Absorbing stress via molecular crumple zones: Strain engineering flexibility into the rigid UiO-66 material

SMJ Rogge and S Borgmans and V Van Speybroeck, MATTER, 6, 1435-1462 (2023).

DOI: 10.1016/j.matt.2023.02.009

Nanostructured materials such as metal-organic frameworks and perovskites can be tuned toward applications ranging from sensors to photovoltaic devices. Such design requires causal relations between a material's atomic structure and macroscopic function, which remain elusive. Therefore, we herein introduce strain engineering as a general approach to rationalizing and designing how atomic level structural modifications induce dynamically interacting strain fields that dictate a material's macroscopic mechanical behavior.
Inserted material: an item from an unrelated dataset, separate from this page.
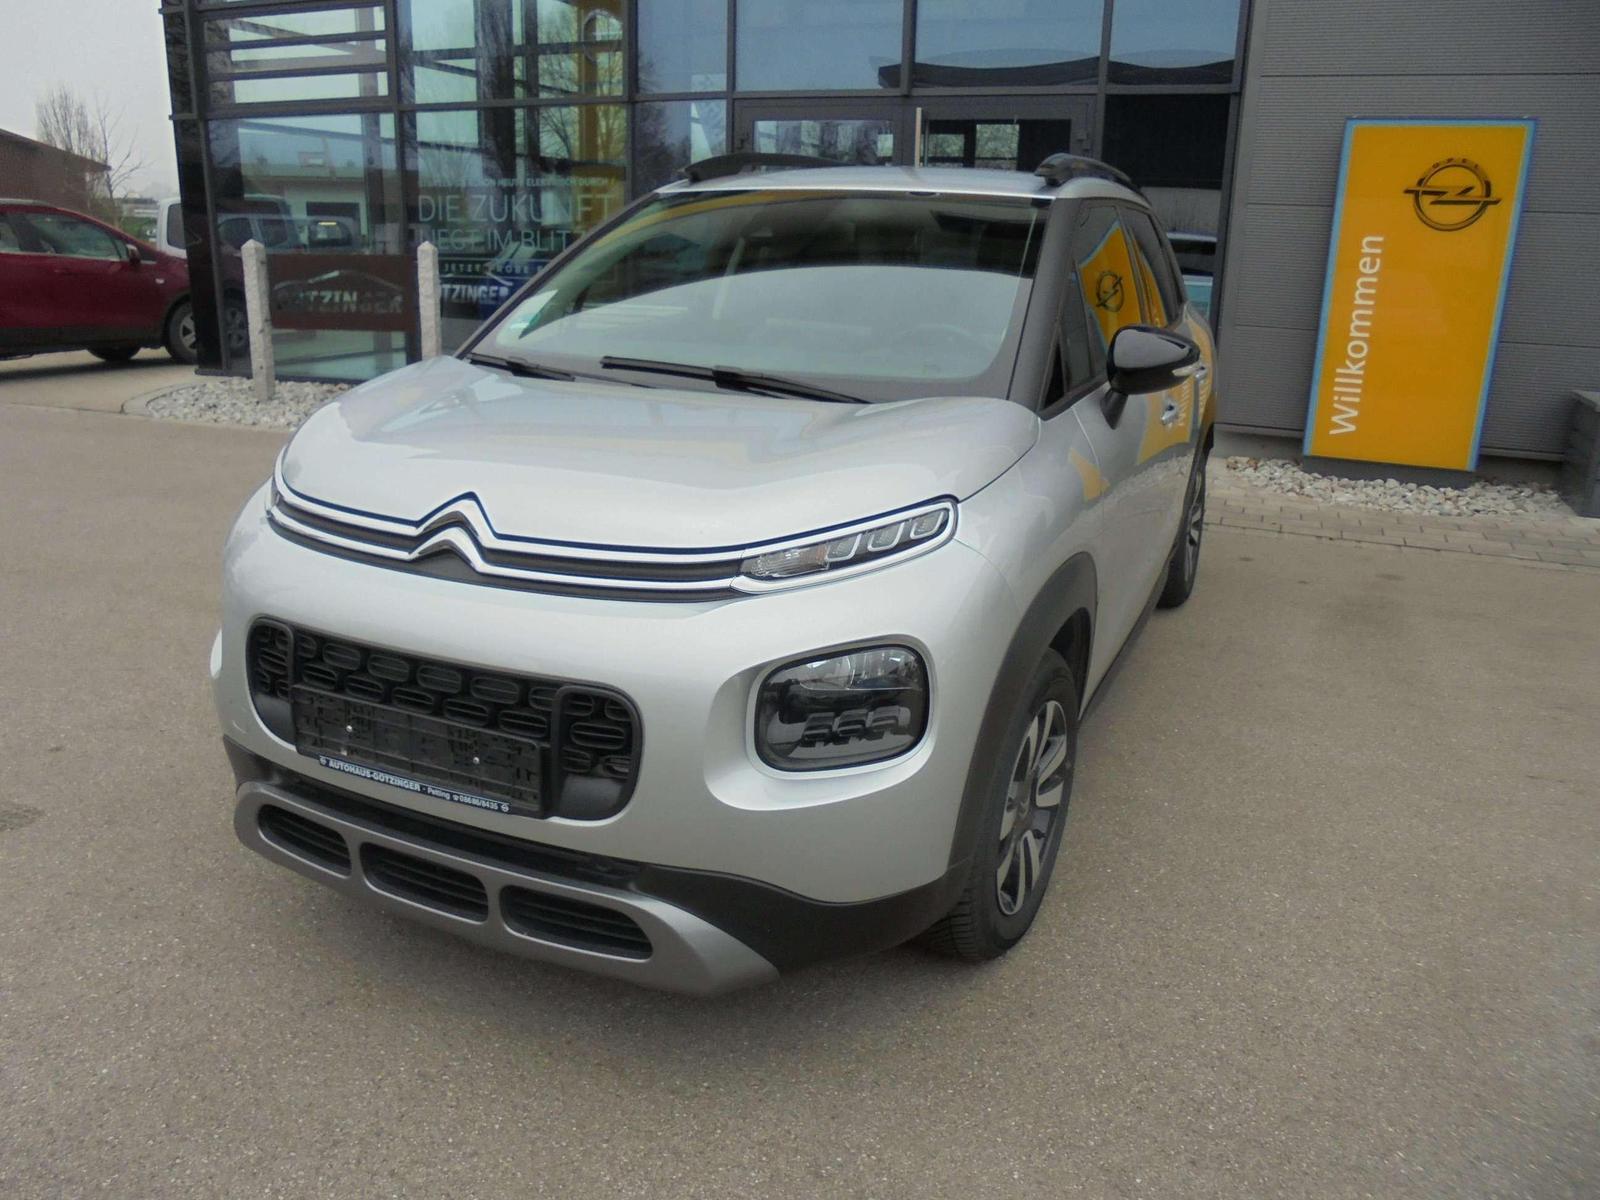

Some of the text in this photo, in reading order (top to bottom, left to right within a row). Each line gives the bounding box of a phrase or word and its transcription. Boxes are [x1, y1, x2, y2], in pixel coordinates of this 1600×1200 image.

[418, 194, 615, 223] DIE ZUKUNFT
[486, 229, 513, 251] IM
[1328, 234, 1385, 436] Willkommen
We first demonstrate the potential of strain engineering by designing shear instabilities in UiO-66, leading to counterintuitive behavior. The strain-engineered structures exhibit time-and space-dependent crumple zones that instill flexibility in the rigid material and locally focus the strain, partially preserving the material's porosity under compression. Secondly, our strain fields help explain stimulus-induced phase coexistence in the flexible CoBDP, DMOF1(Zn), and MIL-53(Al)-F materials. These examples demonstrate how strain engineering can be adopted to design state-of-the-art materials for challenging applications from the atomic level onward.